By using multilevel models to disaggregate within- and between-person effects over time, we identified differential relationships of sensed features with affective symptoms across time windows that have implications for identifying novel treatment targets, personalizing digital mental health interventions, and enhancing traditional patient-provider interactions12. One of the predominant hypothesized methods for bringing personalized digital mental health interventions to fruition is understanding how personal sensing can be leveraged to reliably signal current or prospective worsening symptoms8,9. Our findings underscore that the sensing context and timing (i.e., prediction lag) are critical factors impacting the utility of sensed features as a marker of affective symptoms. For example, prior studies have shown a broad correlation between circadian movement and depression symptoms31,32. Given that within-person changes in circadian movement occur immediately before and contemporaneously with depression rather than predicting symptoms further in the future, interventions in response to decreased circadian movement may benefit from strategies focused on more immediate or impending depression symptoms. Conversely, in light of the prospective, within-person relationships between time at home and depression severity, developers may consider deploying prophylactic depression-focused content (e.g., behavioral activation) in response to person-specific increases in these signals. Finally, features that are significantly related to symptoms primarily at the between-person level (e.g., launcher use with PHQ-8 or app-based messaging with GAD-7) are unlikely to be helpful signals for individualized intervention or as signals of deterioration.

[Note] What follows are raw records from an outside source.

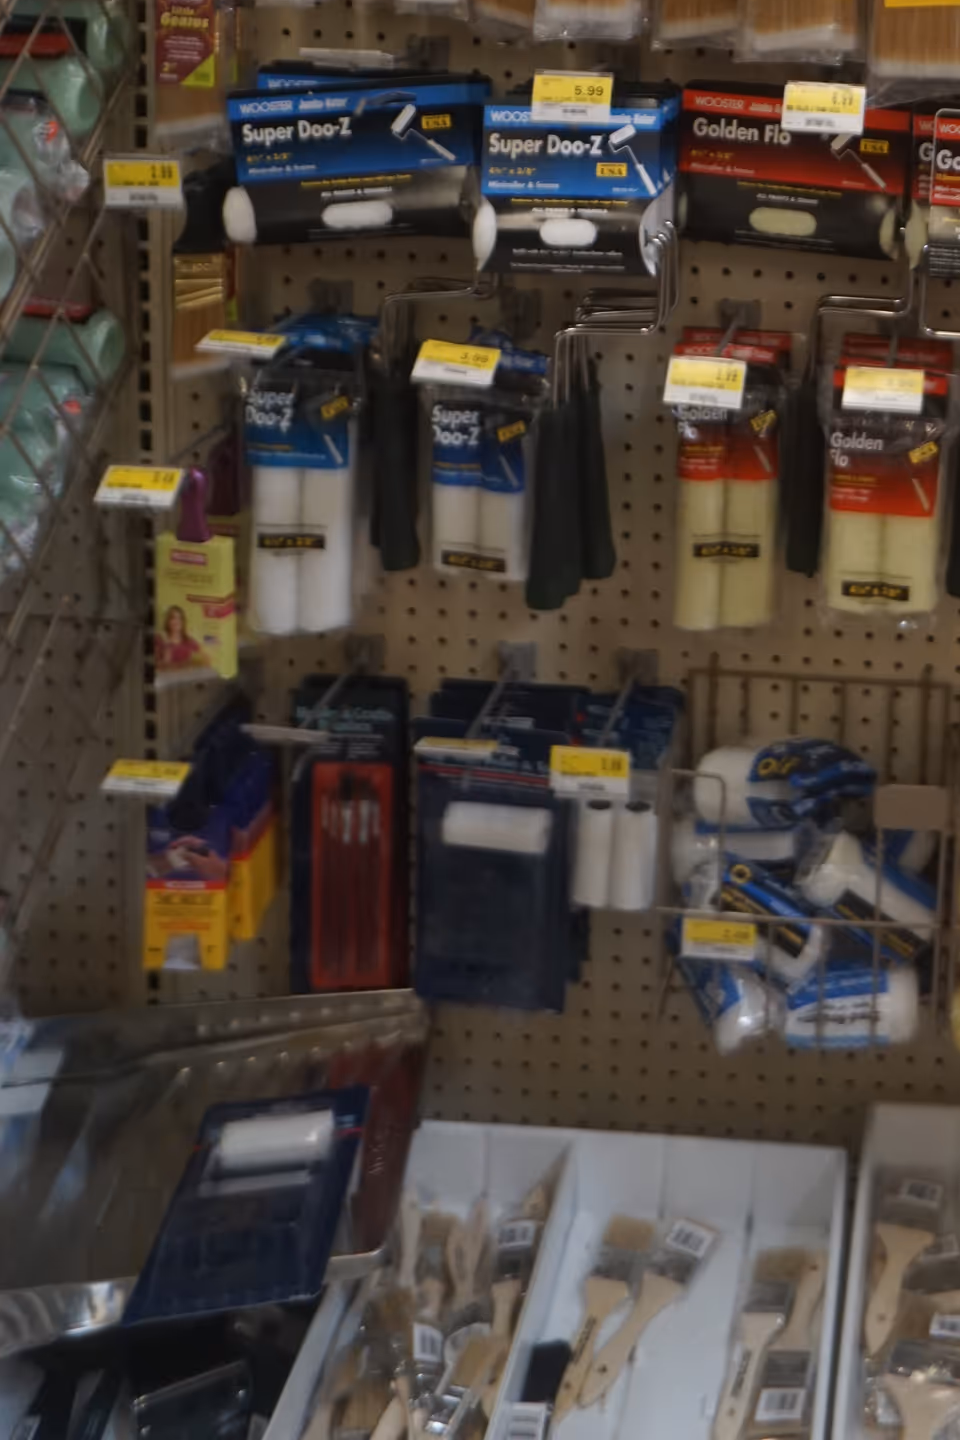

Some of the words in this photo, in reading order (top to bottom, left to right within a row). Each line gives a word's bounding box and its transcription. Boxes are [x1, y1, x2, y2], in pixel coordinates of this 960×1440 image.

[574, 85, 604, 97] 5.99
[694, 95, 745, 111] WOOSTER
[490, 109, 530, 122] WOOS
[242, 124, 294, 147] Super
[297, 116, 352, 139] Doo-Z
[693, 117, 759, 142] Golden
[763, 124, 792, 146] Flo
[488, 132, 544, 160] Super
[547, 134, 603, 155] Doo-Z
[247, 389, 295, 408] Super
[431, 404, 480, 426] Super
[829, 431, 884, 451] Golden

It is important to consider these implications in the context of the low overall amount of variance explained (approximately 5–6% across the different outcomes and lags), as compared to the larger effect sizes seen in early sensing studies, generally in small samples4,31,32. While we opted to use multilevel models for explainability, future studies may consider machine learning models to optimize variance explained in light of the high dimensionality of sensor data40,41; these models may also provide greater insight into prediction accuracy metrics (e.g., rates of false positives and false negatives) to inform algorithms designed to prospectively predict clinical symptoms. Additionally, although we lagged sensors and symptom assessments, these data are still correlational and should not be interpreted as implying causality. To the best of our knowledge, there has been no research to date that has attempted to change these sensed constructs through targeted interventions, which would provide stronger evidence of potential causality. It will also be important for future studies to vary the sensor data window—which we kept consistent at 2 weeks—along with the lag to determine impacts on predictive power, and to better understand the impact of missing data over time on observed relationships. Further, the declaration of a national emergency due to COVID-19 in March 2020 occurred partway through our second wave of data collection. We did not see differences across waves substantial enough to warrant separate analysis by wave. However, the variability in the environment since the onset of COVID-19 may have tempered some of the associations between certain features (e.g., geographic location) and symptoms due to changing routines. Additional limitations are the differences in delivery mechanism and timeframe of reporting instructions for the GAD-7 (REDCap; past 2 weeks) and PHQ-8 (in-app; past week), which may have influenced responses. Finally, given the relative lack of demographic diversity in our sample, it will be important for future studies to test whether these findings generalize across more diverse populations.

Overall, findings from this large-scale mobile sensing study point to location features as important in predicting depression symptoms, and communication features in predicting both depression and anxiety symptoms. The multilevel, longitudinal approach allowed us to identify that features such as home duration were true prospective markers of intraindividual change in depression symptoms, whereas others, such as circadian movement, may be more indicative of impending or concurrent depression symptoms.